On Friday, California Governor Gavin Newsom signed a bill that would change the way the state pays for fire damages caused by utilities. As Reuters explained, Credit rating agency, S&P previously warned it could lower its ratings on the state’s two other major investor-owned power providers, Edison International’s Southern California Edison and Sempra Energy’s San Diego Gas & Electric, absent “concrete actions” by policymakers to reduce credit risks posed by wildfires to the state’s utilities.
What’s In the Bill:
- To compensate for the damages resultant of fires sparked by utility equipment (such as downed or exposed powerlines), a $21 million dollar fund will be created.
- To gain access to this insurance plan, utility companies must first pay to get in – $7.5 billion for large investor own utilities and less than that for regional electric companies – while also investing $5 billion in safety upgrades and participating in a new annual safety certification process.
- $10.5 billion is also contributed by ratepayers through extending an additional fee that was set during the energy crisis, supposedly expiring in 2020, by another 15 years. If damages cost up to $1 billion or more, companies may access the fund and will only have to provide repayment if it is deemed that they did not properly maintain and operate their equipment.
What This Means for PG&E: Reuters explained that, “San Francisco-based PG&E will need to pay the most among power providers to support the fund. To access the fund, PG&E will have to submit or have a bankruptcy reorganization plan approved by the end of June 2020 and will need to compensate victims of wildfires in 2017 and 2018 caused by its equipment.” You might recall the utility’s involvement in two of the deadliest wildfires, along with the ensuing legal battle.
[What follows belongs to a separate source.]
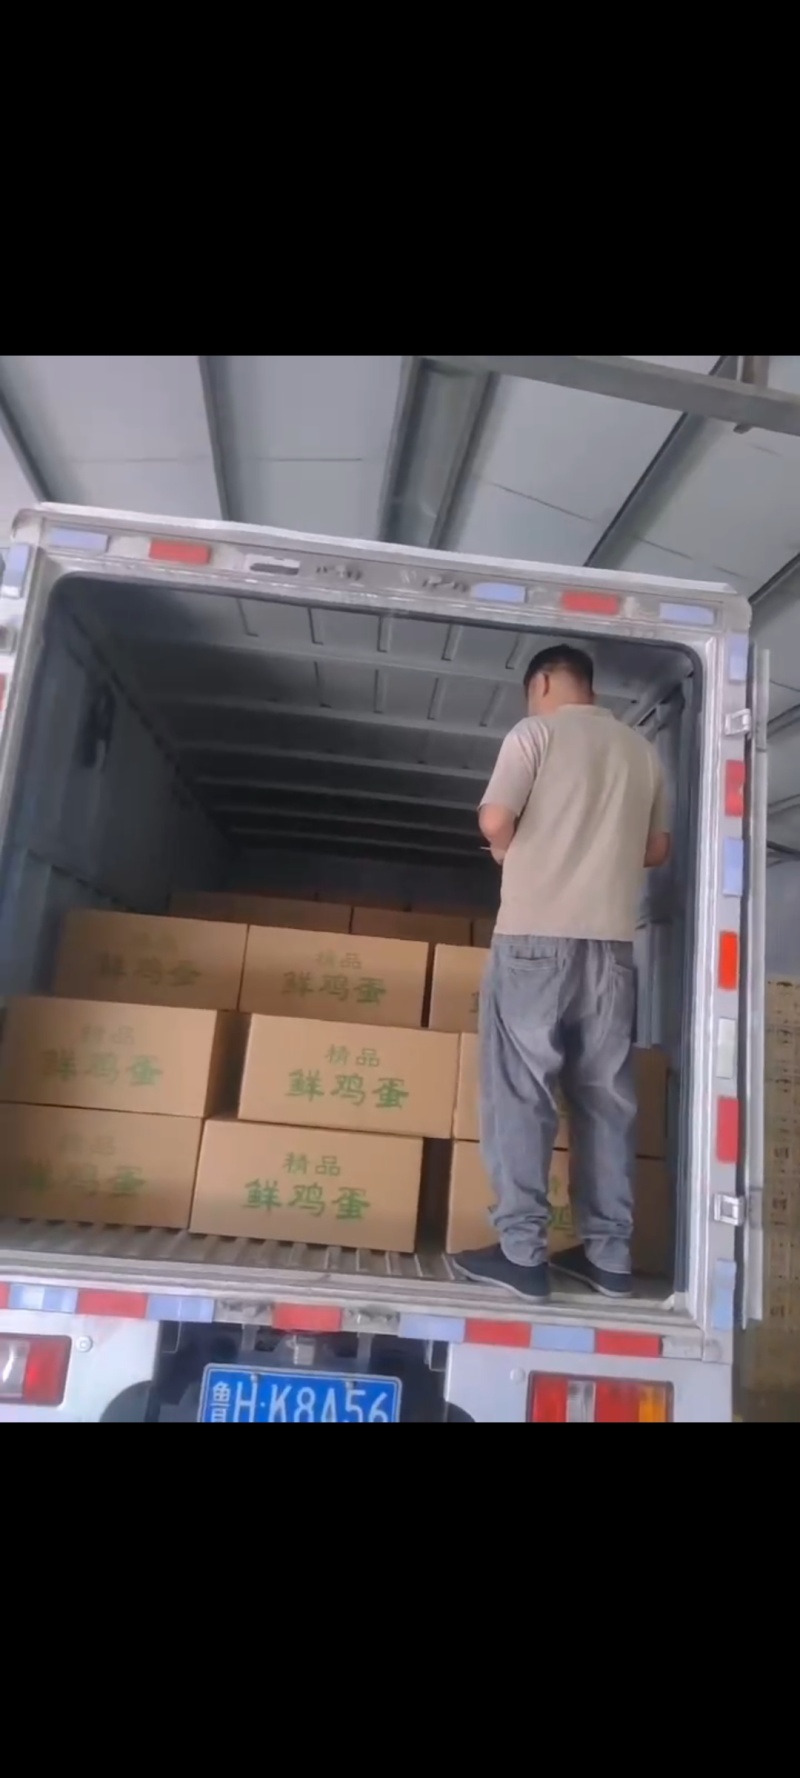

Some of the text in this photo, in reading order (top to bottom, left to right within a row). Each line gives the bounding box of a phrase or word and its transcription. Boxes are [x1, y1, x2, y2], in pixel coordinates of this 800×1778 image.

The Opposition: Some Bay Area lawmakers have expressed opposition to the bill, most notably Assemblyman Marc Levine when he stated that, “It is hard not to see this bill as something of a reward for monstrous behavior.” According to California law, utilities are liable for fire damage caused by their equipment even if no negligence is involved. This bill, however, allows utility companies to access a pool of funds to pay off the damages if no negligence is proven – a shield for the companies as they face rising uncertainties with more explosive and frequent fires. Despite lingering concerns of accountability, many wildfire victims have accepted the legislation along with Governor Newsom, who praised the bill as being an important step in “Strengthening our state’s wildfire prevention, preparedness and mitigation efforts.”
Why This Matters: Many utility customers see this as a way of them footing the bill for reckless behavior on the part of PG&E despite the fact that this isn’t a bailout as the state won’t take over the company’s power lines and directly pay the company money for its assets. They worry that they are paying for a solution for PG&E and critics of the bill say that it doesn’t do enough to prevent wildfire prevention. However, CA Governor Gavin Newson assures that more legislative solutions for wildfires are coming in the very near future. Either way, this underscores the impact that climate change will have on our legal and political systems going forward and that we’re going to have to rethink how a lot of them function in an effort to limit wildfire damage and deal with reality.